The region has been very cohesive around this, which I believe is a great added value, something that has not happened at other educational levels. The countries of Latin America work together to design policies and exchange good practices regarding the implementation of early childhood programs. Also, there is a great social agreement around early childhood, and civil society groups are also part of this, which is something that did not happen with primary and secondary education in Latin American countries. So, civil society and parents have been called upon, there is a much greater awareness of the importance of this, but we still have a long way to go. Especially because the budgets allocated in Latin America for investment in early childhood education are still very low and we see in the region a tendency to increase investment in higher education, perhaps to the detriment of education prior to higher education, and this could be a threat in the coming years for early childhood.

Q/ Considering the available evidence, what are, in your opinion, the most effective interventions to improve the quality of early childhood education and care in the Latin American context?

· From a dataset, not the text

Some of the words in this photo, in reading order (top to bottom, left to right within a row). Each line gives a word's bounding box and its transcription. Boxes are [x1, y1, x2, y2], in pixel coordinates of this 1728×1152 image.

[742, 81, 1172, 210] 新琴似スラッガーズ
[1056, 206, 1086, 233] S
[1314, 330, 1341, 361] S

The quality of early education has some particularities that are slightly different from the quality at other educational levels. In early education we talk a lot about the importance of classroom interactions. Initial education is not about spilling knowledge on children, as perhaps happens in higher education, but about interactions that promote exploration, play, creativity. So an interaction is, for example, taking the children out into the garden to dig for worms. These interactions are different from sitting at a desk, writing letters, coloring things with certain types of colors; they are more about exploration and learning through play. And that has been difficult in the region, because early education emerged after we were already used to the rest of education, where the standard is to sit the student at a table, look at the board and learn what the teacher is transmitting.

We still have a long way to go on quality issues in terms of what is done during the school day, how much we talk to the children, how much vocabulary is promoted to them. The idea is always to counter-question. Stimulating vocabulary through art is also a way of trying to trigger the main functions of the brain. So, what one must achieve between zero and five years of age is that children learn to learn, that they become creative, that they know how to approach resources, that they have a very enriched vocabulary and this will later allow them to build the rest of the learning they need for life. In essence, achieving this quality is what has been difficult

The research that I have done in Colombia, above all, but also in other parts of Latin America, refers to some basic points for this to work well. The first thing is that initial education programs have very specific curricula, very prescriptive, with clear learning results designs. That doesn’t always happen. Teachers, in most countries, are given total autonomy to design what they do in the classroom and how to do it, and I think that has been problematic. The second thing, and this is no surprise because it happens at all levels of education, is teacher training and professional development. In this case, there is a need for training that is special, I reiterate, because what happens in early education is different from what happens in the rest of the educational levels. The wellbeing of teachers also turns out to be very important; if the teacher is not well, if he/she is anxious, if he/she has job burnout, it can be very bad for the learning of young children. And perhaps the other thing I would say is that quality is not in the buildings, it is not in the fact that the child development center is very nice, that it has a great cafeteria, but in the quality of the teachers, in the training and the professional support they receive.

Q/ In your opinion, where have policies aimed at training human capital failed during the last decades, and what policies could be implemented in the future to bring about a substantial transformation in human capital formation in the region in the short and medium term?

Before thinking about education and human capital policies, Latin American countries have a serious problem and that is the lack of clarity in the productive projects that we are looking for. What does a country like Colombia want to do? We want to be the country, perhaps, of green energies, of nearshoring, the country where biodiversity can be monetized. Then, when a country understands its productive project, it can organize all the policies to make it work well. This is a first point and it does not happen in most Latin American countries, with a few exceptions. When you understand the project you want, then you design or implement policies in the sectors according to that, and that includes the human capital sector.

In this way, with the clarity that the country is looking for a certain north, the educational institutions could align themselves to train people who have the competencies for the country to be productive along the lines proposed, and I believe that this is the first shortcoming. The second is that educational institutions have not worked closely with the economic sectors of our countries, especially the universities. Universities decide unilaterally what young people should know and what careers we should offer, without consulting the industrial and agricultural sectors, etc.

I think that from now on we should have a better interaction to understand the country, how it is characterized in its occupational scale, which are the sectors that have priority, which have potential and talk to them: what is the type of person you need, what are the competencies that are required at this time? Especially in times of so much change, with artificial intelligence, with the fourth industrial revolution, and that universities are more willing to engage in this dialogue to train the skills, the people and the characteristics that we need so that countries can grow better.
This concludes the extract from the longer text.